Exercise prompt
Set every entry down again, unchanged, picture-free.

-------- Exercise data --------

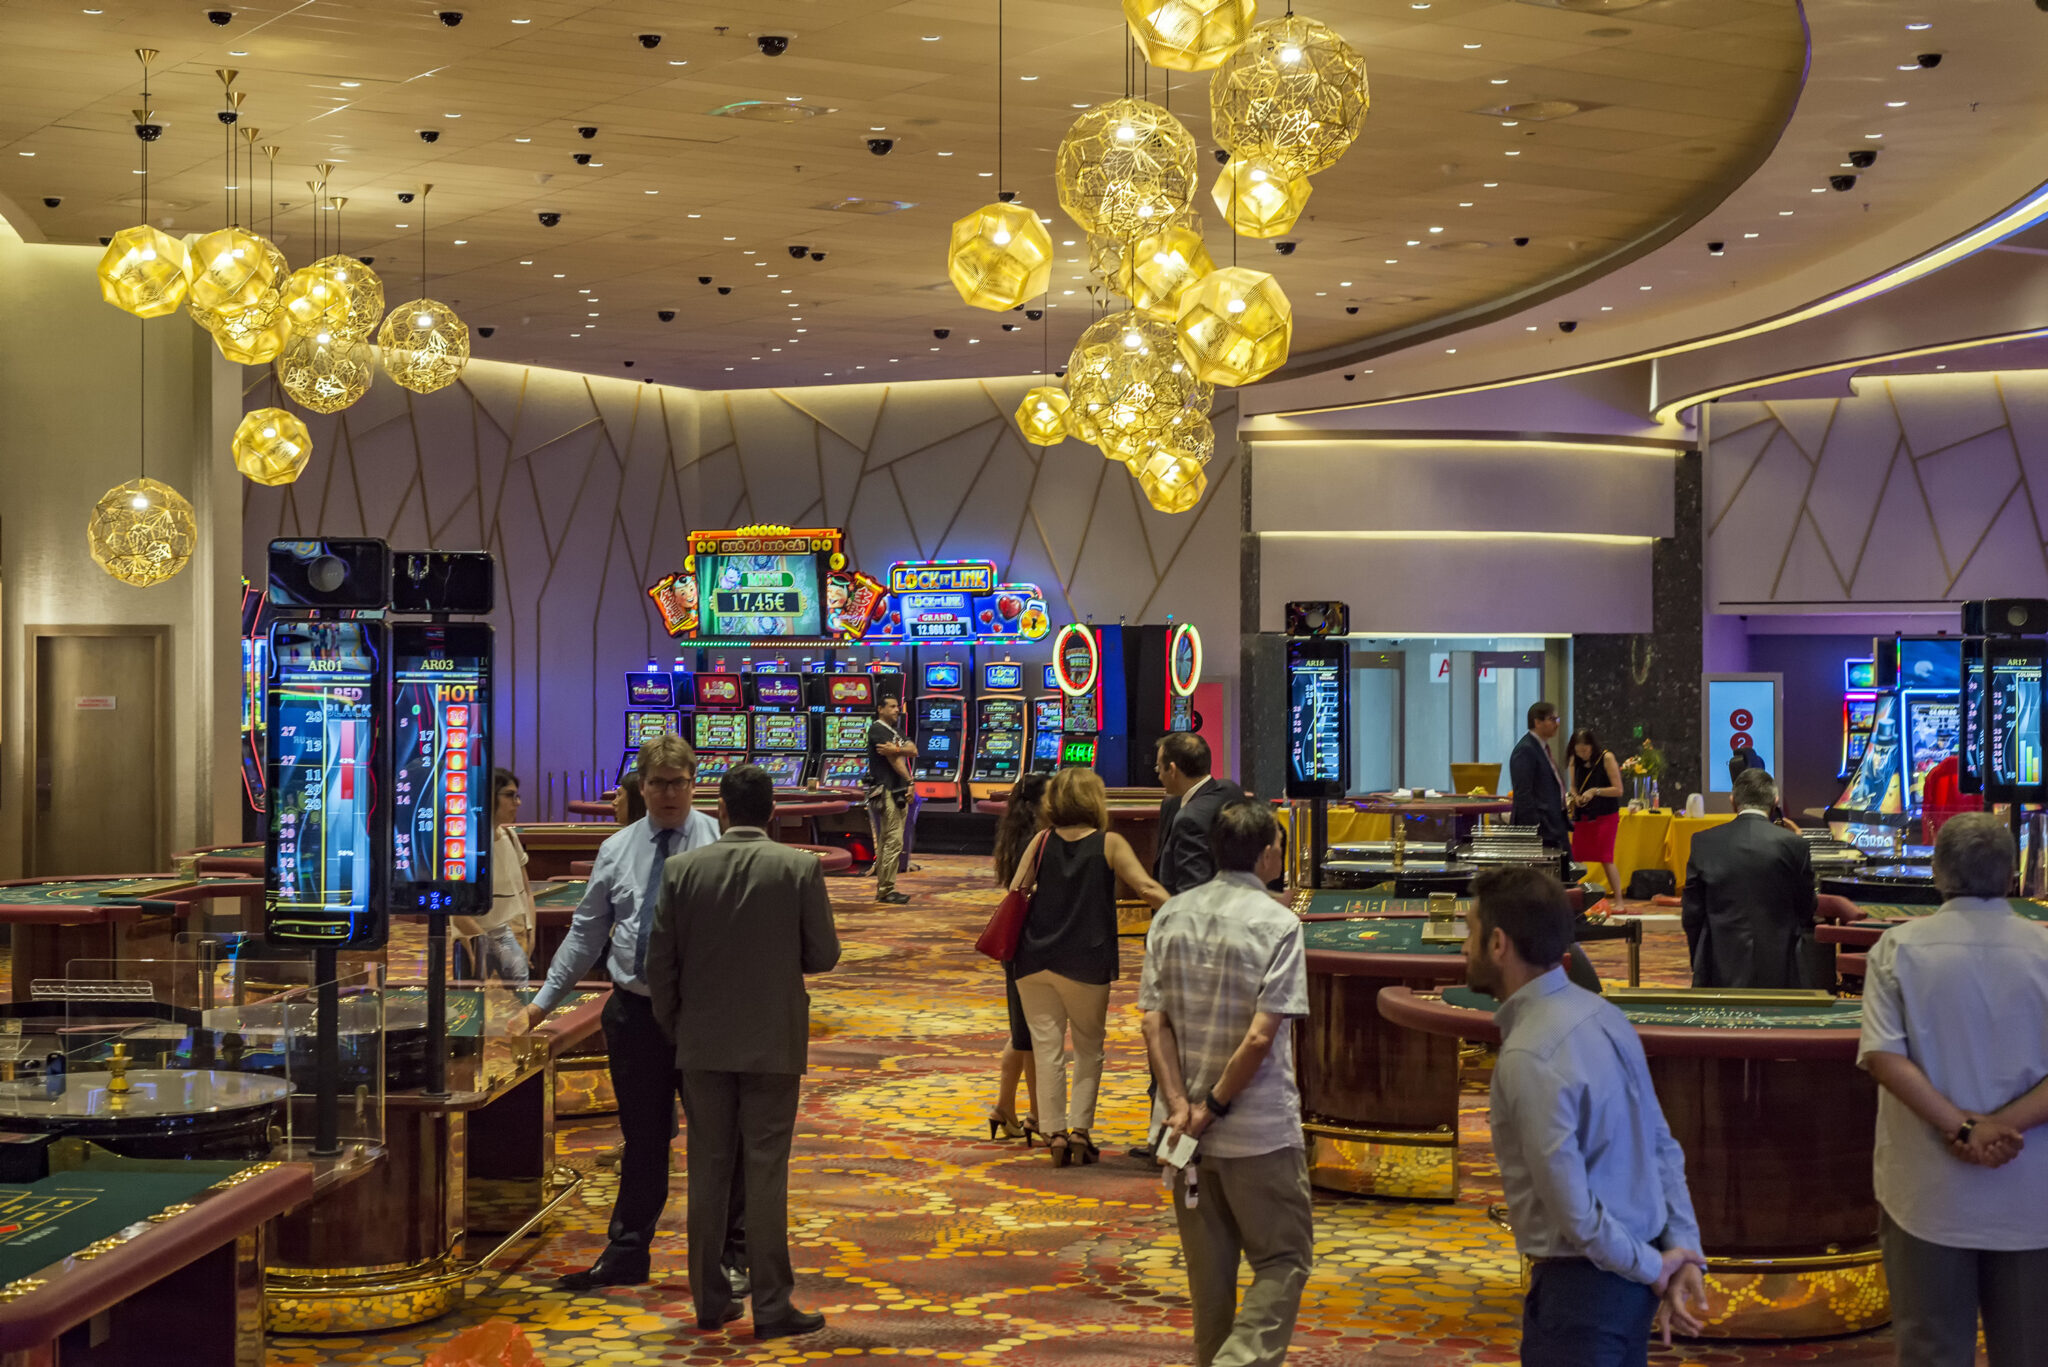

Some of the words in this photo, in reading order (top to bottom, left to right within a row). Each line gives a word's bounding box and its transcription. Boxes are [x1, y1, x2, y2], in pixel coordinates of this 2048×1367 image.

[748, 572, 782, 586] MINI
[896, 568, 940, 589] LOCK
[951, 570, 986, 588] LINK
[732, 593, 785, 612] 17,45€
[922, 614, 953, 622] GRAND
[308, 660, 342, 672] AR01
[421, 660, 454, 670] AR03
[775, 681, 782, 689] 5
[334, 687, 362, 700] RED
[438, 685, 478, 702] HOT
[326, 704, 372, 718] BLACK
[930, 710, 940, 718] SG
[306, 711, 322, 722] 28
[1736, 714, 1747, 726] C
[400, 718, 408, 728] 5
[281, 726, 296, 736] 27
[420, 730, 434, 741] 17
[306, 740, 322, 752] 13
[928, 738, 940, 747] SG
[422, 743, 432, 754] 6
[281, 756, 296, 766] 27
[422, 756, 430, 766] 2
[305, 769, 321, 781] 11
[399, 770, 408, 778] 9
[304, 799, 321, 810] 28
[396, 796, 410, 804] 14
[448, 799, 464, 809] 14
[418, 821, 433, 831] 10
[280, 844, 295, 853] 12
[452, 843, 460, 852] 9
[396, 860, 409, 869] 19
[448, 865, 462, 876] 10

--------

Reply
Some of the words in this photo, in reading order (top to bottom, left to right within a row). Each line gives a word's bounding box and its transcription. Boxes are [x1, y1, x2, y2], in pixel coordinates of this 2048×1367 image.

[748, 572, 782, 586] MINI
[896, 568, 940, 589] LOCK
[951, 570, 986, 588] LINK
[732, 593, 785, 612] 17,45€
[922, 614, 953, 622] GRAND
[308, 660, 342, 672] AR01
[421, 660, 454, 670] AR03
[775, 681, 782, 689] 5
[334, 687, 362, 700] RED
[438, 685, 478, 702] HOT
[326, 704, 372, 718] BLACK
[930, 710, 940, 718] SG
[306, 711, 322, 722] 28
[1736, 714, 1747, 726] C
[400, 718, 408, 728] 5
[281, 726, 296, 736] 27
[420, 730, 434, 741] 17
[306, 740, 322, 752] 13
[928, 738, 940, 747] SG
[422, 743, 432, 754] 6
[281, 756, 296, 766] 27
[422, 756, 430, 766] 2
[305, 769, 321, 781] 11
[399, 770, 408, 778] 9
[304, 799, 321, 810] 28
[396, 796, 410, 804] 14
[448, 799, 464, 809] 14
[418, 821, 433, 831] 10
[280, 844, 295, 853] 12
[452, 843, 460, 852] 9
[396, 860, 409, 869] 19
[448, 865, 462, 876] 10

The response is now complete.